Since then, very little has been reported about the ecology and natural history of either species. The little data that exists regarding the natural history of either species of Ungaliophis strongly suggests that they are arboreal species found from lowland rainforests to high elevation cloud forests (Köhler 2008). Corn (1974) found several individuals of U. panamensis in banana plants and bromeliads. As such, many authorities believe that Ungaliophis naturally occurs in dense epiphytic growth in the tree canopy. Both species of Ungaliophis are small snakes capable of reaching between 470 mm and 482 mm in total length (Köhler 2008). Historically, the diet of wild Ungaliophis was unknown; however, several recent publications regarding the diet of U. panamensis in Costa Rica have included observations of bats (Solórzano and Carillo 2017), birds (Dwyer 2017), and geckos (Espinoza and Barrio-Amorós 2018) being taken by the species. Ungaliophis continentalis have been recorded to give birth to between 5 to 6 neonates per clutch in captivity (Ross and Marzec 1990; Burger and Ford 2007). While there is no information regarding reproduction of U. panamensis, it is likely to be similar to its sister species.

Identifying the habitat preferences of a given species is critical to understanding the extent of functional habitat available to that species in the wider landscape (Ocampo-Peñuela et al. 2020). Effective conservation strategies can be built once the available habitat for a species, or assemblage, has been quantified and understood (Riva and Nielsen 2020). Herein, we describe the microhabitat preferences and morphometry of 13 individuals of U. panamensis, ten of which were encountered in Barra del Colorado Wildlife Refuge in northeastern Costa Rica, and three from the Coclé and Panamá Oeste provinces of Panama. We hypothesise that U. panamensis has an association with natural forest habitats and that its morphology does not influence its habitat preference.

Methodology

Study area

Individuals of U. panamensis were recorded across multiple locations within the Barra del Colorado Wildlife Refuge (BCWR) in the NE region of Costa Rica (Fig. 1), and from Coclé and Panamá Oeste provinces, Panama (Fig. 2). The BCWR region is dominated by lowland tropical wet forest (Holdridge 1967) and Manicaria (Arecaceae) swamp forests (Myers 1990; Lewis et al. 2010). The regional habitat in both Coclé and Panamá Oeste, Panama, is mid-elevation mature secondary cloud forest and primary premontane cloud forest (Ray et al. 2012; Ray 2015).

Figure 1. 

Location of sampled area, Barra del Colorado Wildlife Refuge, Limón, Costa Rica.

Field methods

Data collected for this study involved a pool of surveys that were performed from multiple longer term studies spanning 1997–2012 (Ray 2009; Lewis et al. 2011; Lewis et al. 2013; Zipkin et al. 2020). Most individuals were detected using visual encounter surveys in forested environments (Heyer et al. 1994; Lovich et al. 2012). However, some were observed by chance encounter in ceiling rafters of buildings and others reported to us by local people. Surveys at both sites were conducted from November 2005 to September 2008, between 20:00 and 02:00 in a variety of habitats: canal edge areas, deep forest and riparian gallery forest. Surveys averaged three surveyors and were conducted four nights a week for up to six hours per survey.

Figure 2. 

Location of sampled area, El Cope in Parque Nacional G. D. Omar Torríjos Herrera, in the Coclé and Panamá Oeste provinces of Panama.

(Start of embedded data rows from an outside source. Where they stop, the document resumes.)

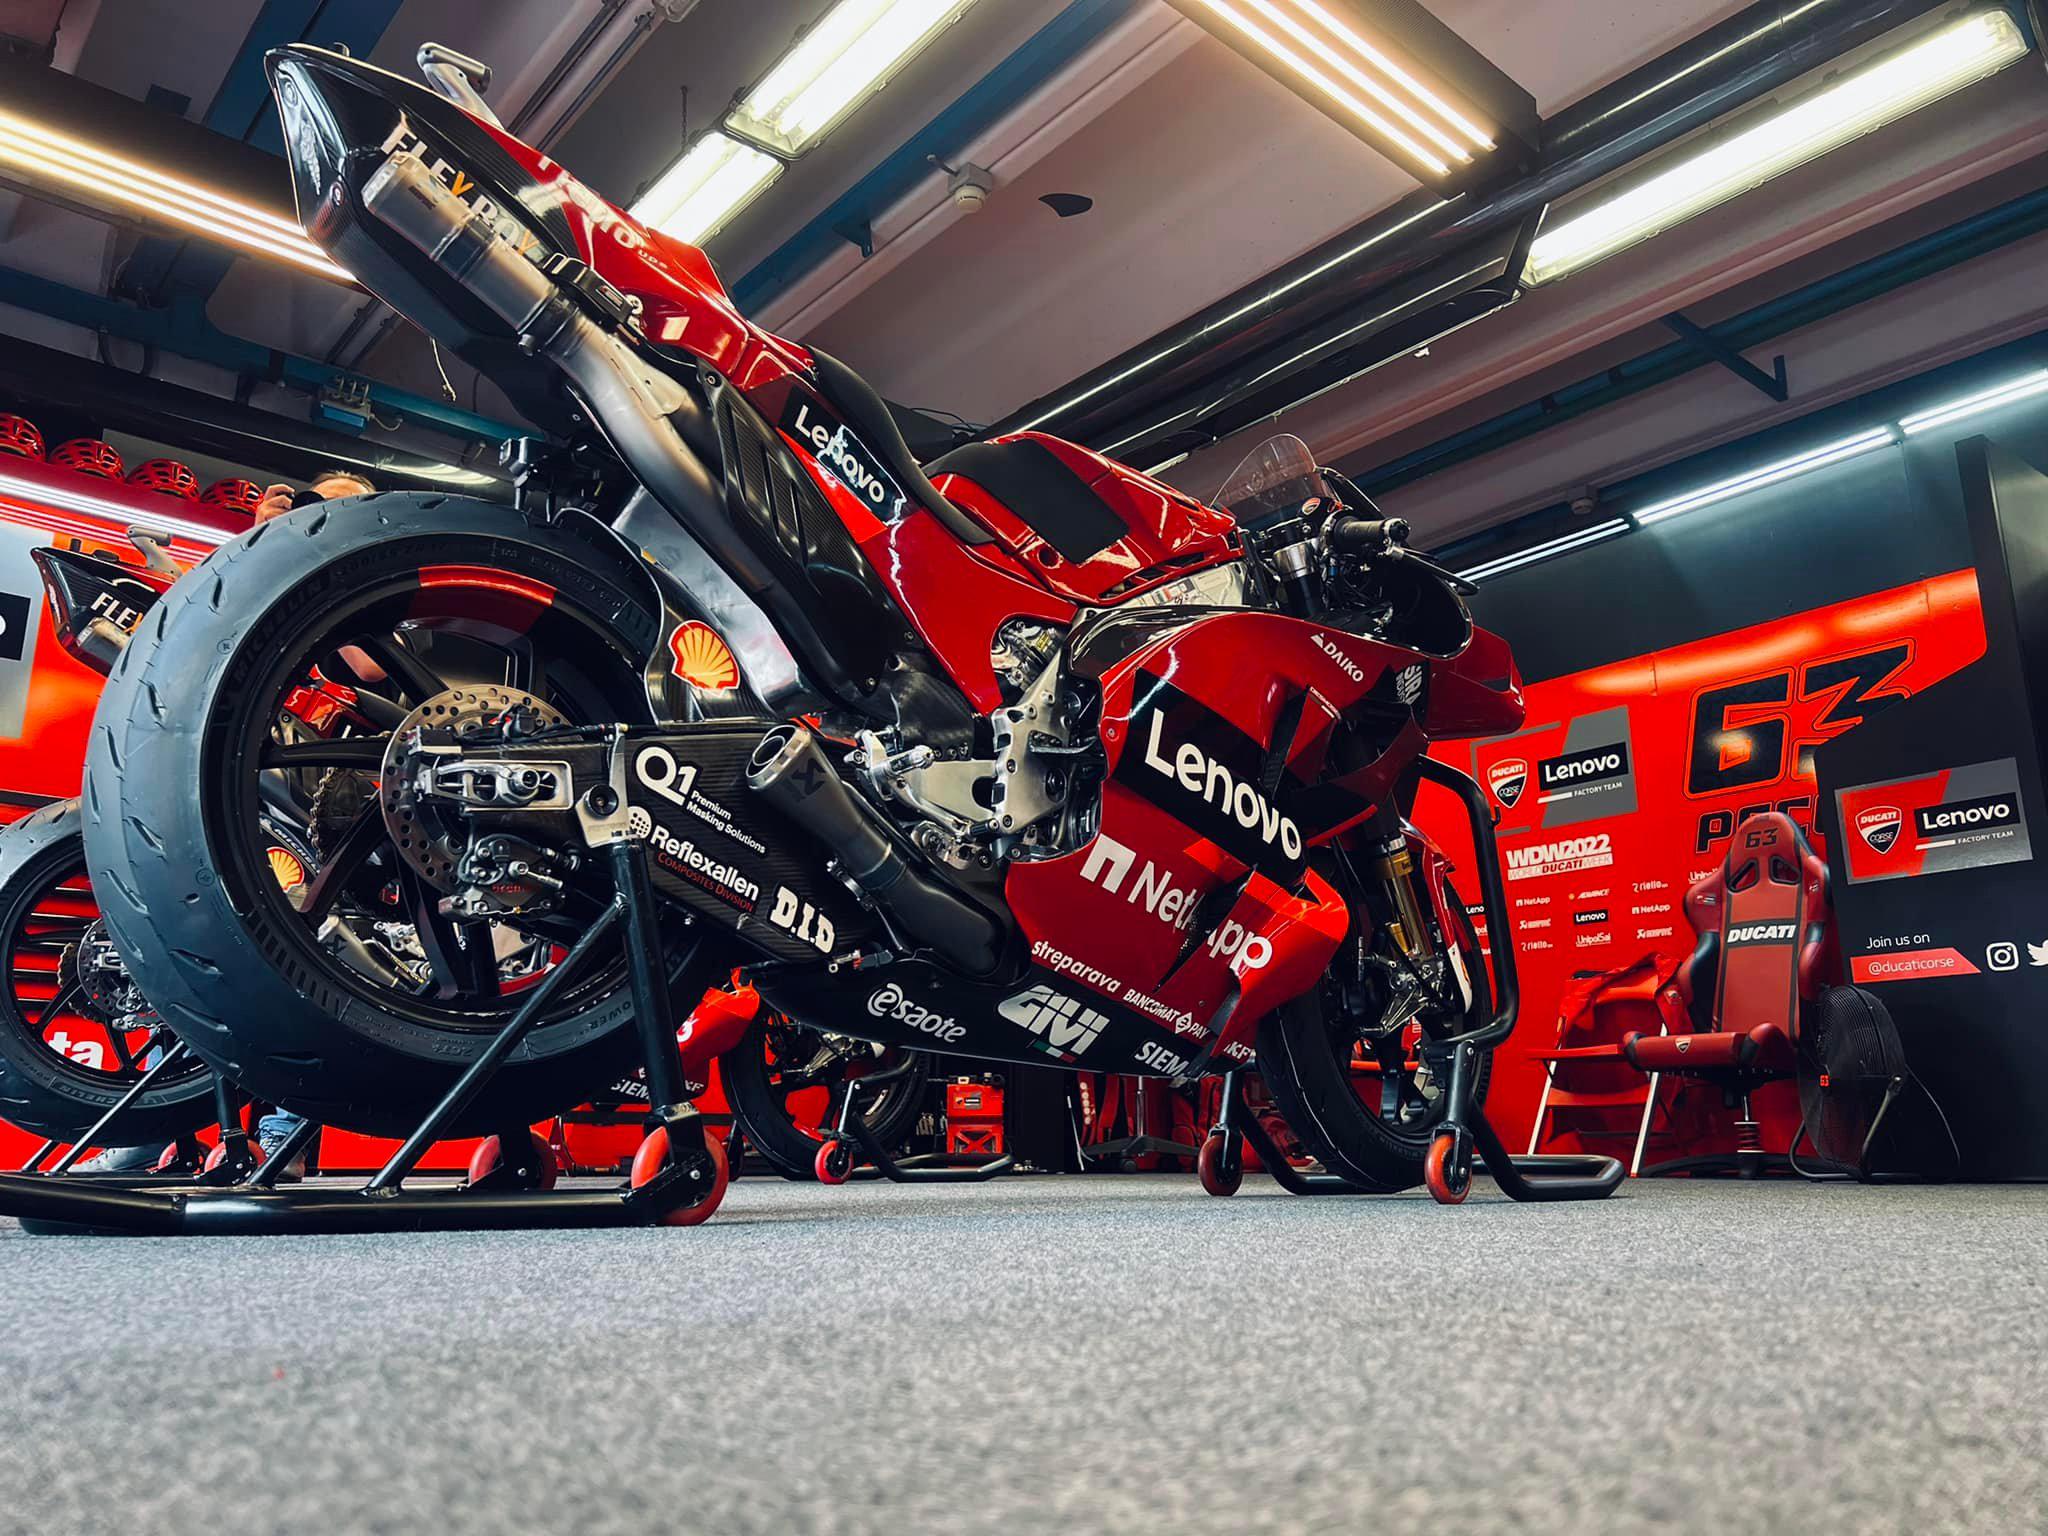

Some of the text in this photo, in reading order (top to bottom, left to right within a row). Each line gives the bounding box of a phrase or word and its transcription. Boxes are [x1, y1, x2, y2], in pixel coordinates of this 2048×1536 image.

[795, 404, 884, 503] Lenovo
[1323, 642, 1364, 682] DAIKO
[636, 746, 697, 805] Q1
[1491, 764, 1523, 778] DUCATI
[1545, 754, 1620, 782] Lenovo
[1145, 707, 1302, 860] Lenovo
[1574, 782, 1623, 797] FACTORY TEAM
[690, 790, 731, 820] Premium
[1861, 811, 1897, 824] DUCATI
[1923, 804, 2010, 830] Lenovo
[686, 801, 766, 853] Masking Solutions
[1745, 827, 1778, 848] 63
[1869, 832, 1894, 843] CORSE
[1958, 830, 2014, 845] FACTORY TEAM
[650, 825, 759, 901] Reflexallen
[1506, 834, 1612, 868] WDW2022
[658, 853, 754, 912] COMPOSITES DIVISION
[1524, 897, 1550, 906] NetApp
[1641, 904, 1671, 914] NetApp
[769, 886, 835, 953] D.I.D
[1576, 913, 1606, 923] Lenovo
[1727, 924, 1797, 943] DUCATI
[1866, 933, 1931, 949] Join us on
[1031, 940, 1122, 993] streparava
[1868, 957, 1955, 976] @ducaticorse
[589, 1001, 632, 1031] OWER
[998, 984, 1111, 1055] GIVI
[1123, 988, 1211, 1040] BANCOMAT PAY
[1223, 1041, 1249, 1059] KF

Biometric data comprised sex determined by careful probing and examination of the anal spurs, snout-vent length (SVL, mm), tail length (TL, mm) and mass (g). Microhabitat data comprised observations where the snake was located. If the individual was in Forest, specific substrate classes were recorded (Tree, Palm, Shrub), along with relevant structural features (Trunk, Leaf, Branch, Twig). Although infrequent, when snakes were found in rural environments, often buildings, they were assigned their own identity (Buildings).

Data analysis

Encounter rates of U. panamensis at both sites were calculated by dividing the number of individuals by the number of surveys and multiplying by 100, a technique adapted from Kiszka et al. (2007). For the purposes of exploring patterns of association between the morphology of U. panamensis and its microhabitat preferences we considered individuals to be the sampling unit.

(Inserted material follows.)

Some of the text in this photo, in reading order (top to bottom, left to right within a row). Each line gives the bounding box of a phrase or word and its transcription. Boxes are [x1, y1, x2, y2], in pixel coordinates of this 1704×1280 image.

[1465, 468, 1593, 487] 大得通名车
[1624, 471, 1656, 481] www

The morphometric relations of U. panamensis were analysed using Standardised Major Axis (SMA) estimation created by the function SMA within the package smatr within the program R (Warton et al. 2012a; R Core Team 2020). An advantage of using SMA to test for common slope allometric relations is its inclusion of fitting factor groups for y against x (Warton and Weber 2002). We also utilised Huber’s M estimation in place of a least squares method using the robust function in smatr in order to make the fit more inclusive for marginal outliers (Taskinen and Warton 2011). Likelihood ratio tests evaluated the slope fit.

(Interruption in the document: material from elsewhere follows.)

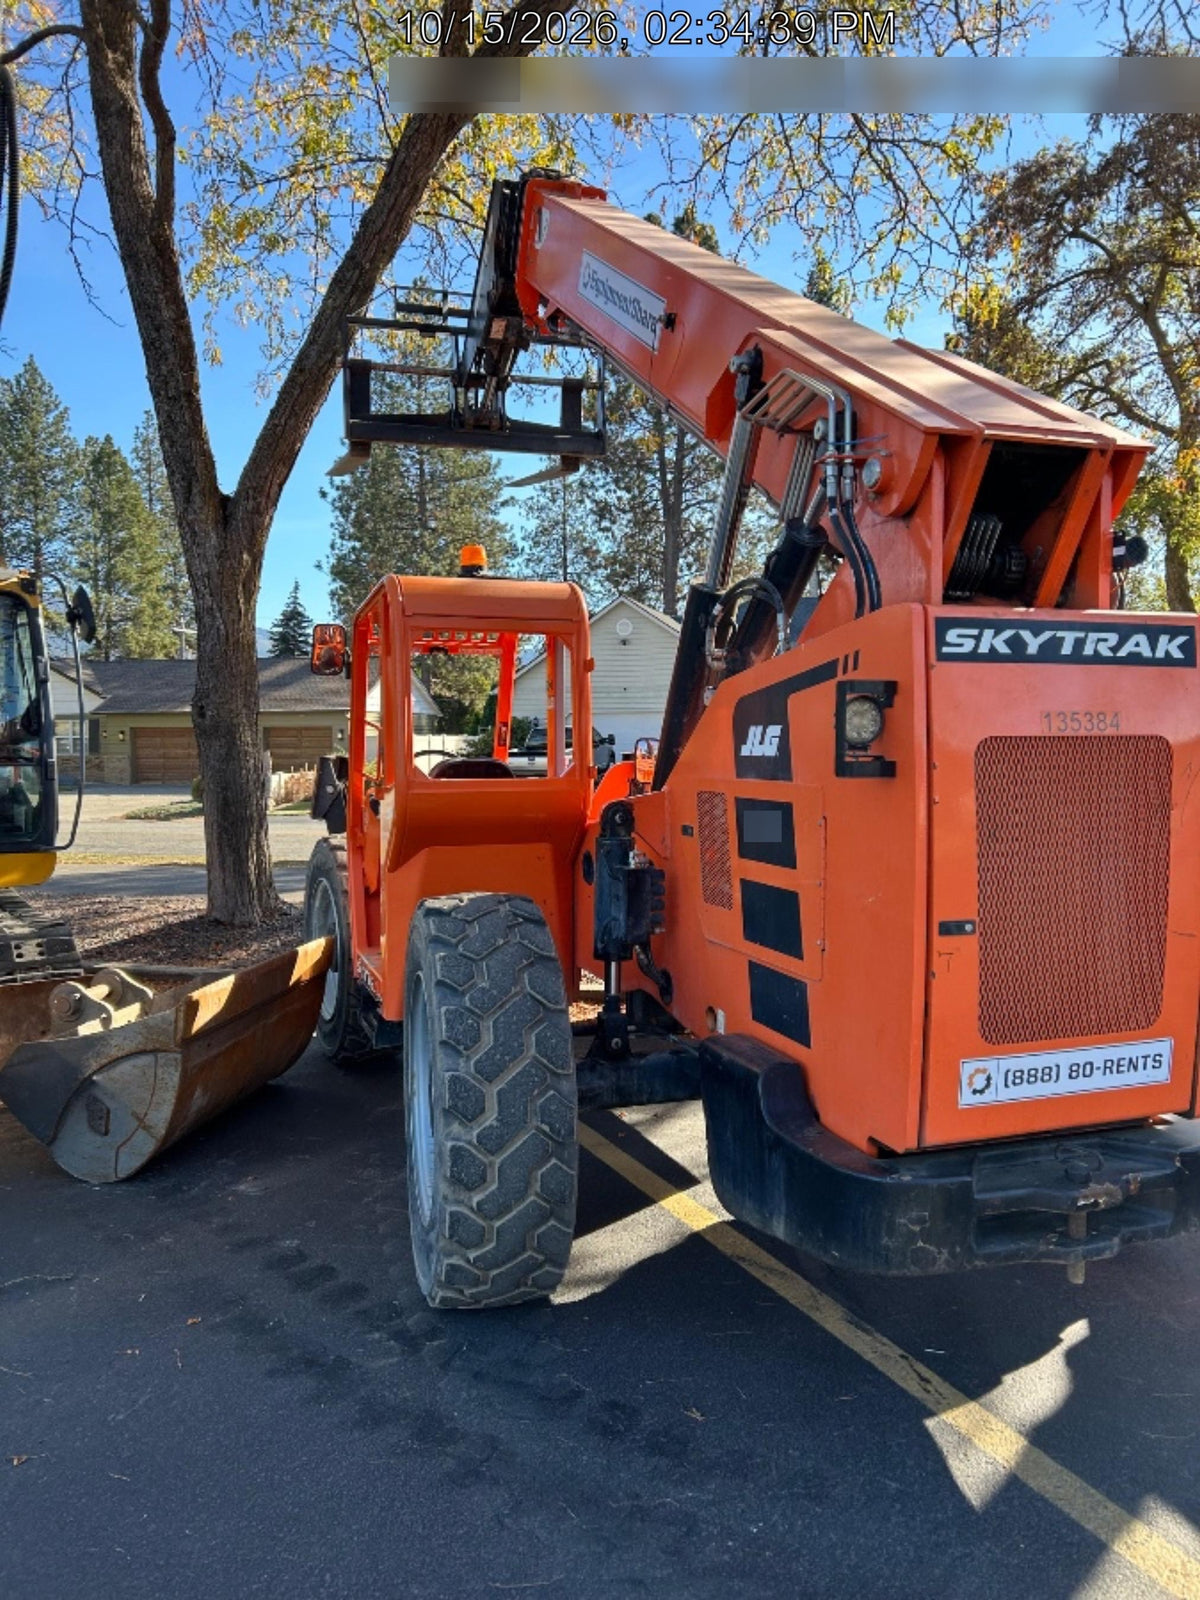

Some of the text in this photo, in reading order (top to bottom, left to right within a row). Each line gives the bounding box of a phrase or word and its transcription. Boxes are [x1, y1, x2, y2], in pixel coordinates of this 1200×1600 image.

We chose to use a multivariate Bayesian, instead of univariate or distance based, approach for ecological analysis. This was because transforming data to meet assumptions for univariate and distance based approaches is problematic for smaller data sets (Warton et al. 2012b; Warton 2017). Microhabitat data were therefore analysed using a Bayesian unconstrained ordination based on a latent variable model (LVM) (Hui et al. 2015) using the package Boral (Hui 2016). Bayesian LVM’s are useful at explaining multivariate composition while accounting for residual correlation. They are superior to non-metric multidimensional scaling (NMDS) because they make provision for possible mean-variance relationships in data without confounding location with dispersion (Warton et al. 2012b; Hui et al. 2015). Boral fits three types of model; 1) Covariates with no latent variables (fitting independent response GLMs where columns of y are assumed independent; 2) With no covariates (a pure LVM that constructs unconstrained ordination); and 3) Combined covariates with latent variables (fitting correlated response GLMs, with latent variables). We explored U. panamensis microhabitat preference using modelling option 2. The model comprised the following;

Option 2 (pure LVM),

log(µij) = α + Ɵ0j + zi1 × Ɵj1 + zi2 × Ɵj2 = α + Ɵ0j + ȥiT Ɵj,

where µij is considered the mean response at microhabitat level i for an individual snake j, Ɵ0j is the individual-specific intercept, ȥi = (ȥil, ȥi2)T is a vector of two latent variables, and Ɵj = (Ɵj1, Ɵj2)T are the corresponding individual-specific coefficients. This modelling approach enabled biplots to visualise the data in a similar way to a two-dimensional NMDS. From the model we extracted posterior median values of latent variables and used these as coordinates on ordination axes to plot microhabitat association (Hui et al. 2015).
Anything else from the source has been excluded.